When Stripe finalizes an invoice it sends an invoice.created webhook. Your handler queries Unimeter for the customer’s usage during the last billing period and creates a line item on the invoice.

package main
import (
"encoding/json"
"fmt"
"io"
"log"
"net/http"
"os"
"strconv"
billing "github.com/unimeter/go-unimeter"
"github.com/stripe/stripe-go/v82"
"github.com/stripe/stripe-go/v82/invoiceitem"
"github.com/stripe/stripe-go/v82/webhook"
)
// Map Stripe customer IDs to Unimeter account IDs.
// In production, store this in your database or in Stripe customer metadata.
var customerToAccount = map[string]uint64{
"cus_demo_alice": 1,
"cus_demo_bob": 2,
}
func main() {
stripe.Key = os.Getenv("STRIPE_SECRET_KEY")
webhookSecret := os.Getenv("STRIPE_WEBHOOK_SECRET")
client, err := billing.New([]string{os.Getenv("BILLING_NODES")})
if err != nil {
log.Fatal(err)
}
defer client.Close()
http.HandleFunc("/webhook", func(w http.ResponseWriter, r *http.Request) {
body, _ := io.ReadAll(r.Body)
event, err := webhook.ConstructEvent(
body, r.Header.Get("Stripe-Signature"), webhookSecret,
)
if err != nil {
http.Error(w, "invalid signature", http.StatusBadRequest)
return
}
if event.Type != "invoice.created" {
w.WriteHeader(http.StatusOK)
return
}
var invoice stripe.Invoice
json.Unmarshal(event.Data.Raw, &invoice)
accountID, ok := customerToAccount[invoice.Customer.ID]
if !ok {
w.WriteHeader(http.StatusOK)
return
}
// Query last completed billing period.
usage, err := client.Query(r.Context(), billing.QueryRequest{
AccountID: accountID,
MetricCode: "api_calls",
Period: billing.LastBillingPeriod(1),
})
if err != nil {
http.Error(w, "query failed", http.StatusInternalServerError)
return
}
// Create a line item on the Stripe invoice.
period := billing.LastBillingPeriod(1)
idempotencyKey := fmt.Sprintf(
"unimeter-%d-api_calls-%s", accountID, period.Start.Format("2006-01"),
)
_, err = invoiceitem.New(&stripe.InvoiceItemParams{
Customer: stripe.String(invoice.Customer.ID),
Invoice: stripe.String(invoice.ID),
Description: stripe.String("API calls"),
Quantity: stripe.Int64(int64(usage.Value.Count)),
UnitAmount: stripe.Int64(10), // $0.001 per call
Currency: stripe.String("usd"),
Params: stripe.Params{
IdempotencyKey: stripe.String(idempotencyKey),
},
})
if err != nil {
log.Printf("stripe error: %v", err)
}
w.WriteHeader(http.StatusOK)
})
log.Println("listening on :4242")
log.Fatal(http.ListenAndServe(":4242", nil))
}

The important mapping is between Stripe customer IDs and Unimeter account IDs. In the example this is a hardcoded map; in production, store the Unimeter account ID in Stripe customer metadata or in your database.

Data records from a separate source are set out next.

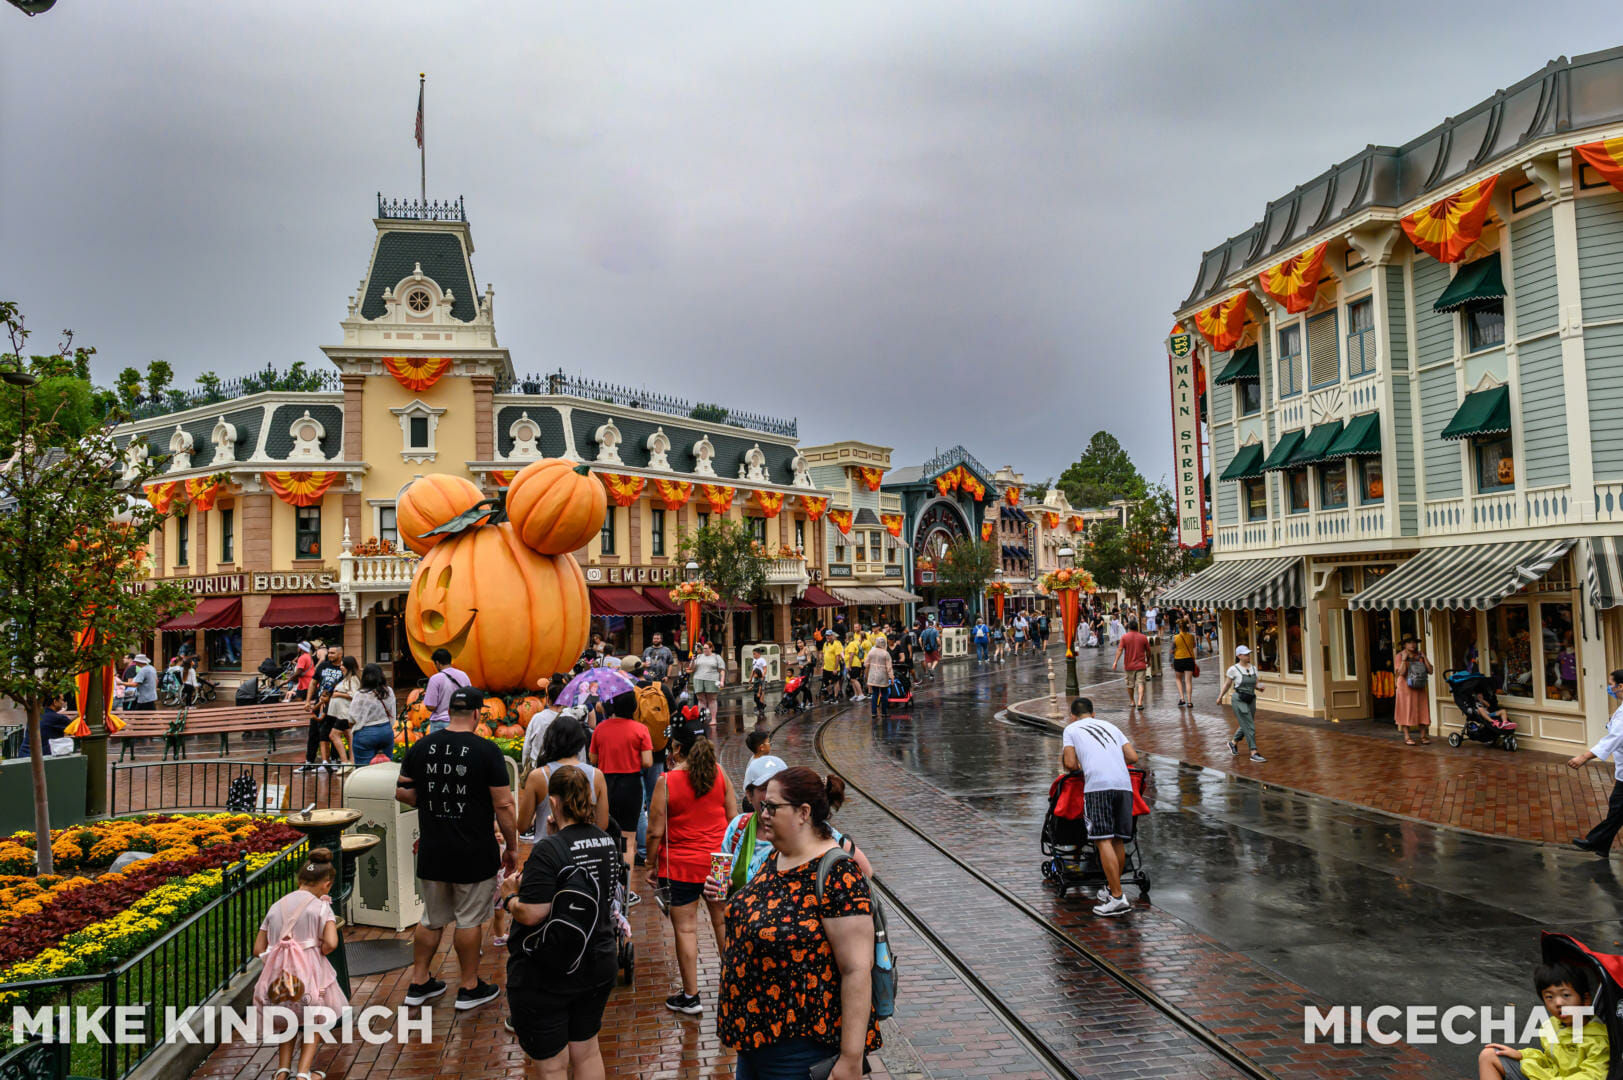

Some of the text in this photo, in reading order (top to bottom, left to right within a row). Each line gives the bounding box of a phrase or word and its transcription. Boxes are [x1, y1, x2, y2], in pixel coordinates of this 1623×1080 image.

[1176, 364, 1195, 510] MAIN STREET
[1182, 516, 1200, 531] HOTEL
[254, 573, 333, 591] BOOKS
[806, 568, 823, 583] YS
[169, 575, 240, 594] PORIUM
[570, 836, 616, 851] STAR WA

The idempotency key includes the account, metric, and period start date. If Stripe retries the webhook, the invoice item creation is skipped because Stripe has already seen that key.

Set the required environment variables and start the server:

Terminal window
export STRIPE_SECRET_KEY="sk_test_..."
export STRIPE_WEBHOOK_SECRET="whsec_..."
export BILLING_NODES="localhost:7001"
go run main.go

In a separate terminal, forward Stripe test webhooks to your local server using the Stripe CLI:

Terminal window
stripe listen --forward-to localhost:4242/webhook

Create a test invoice in the Stripe dashboard or via the API and watch the webhook handler query Unimeter and attach a line item.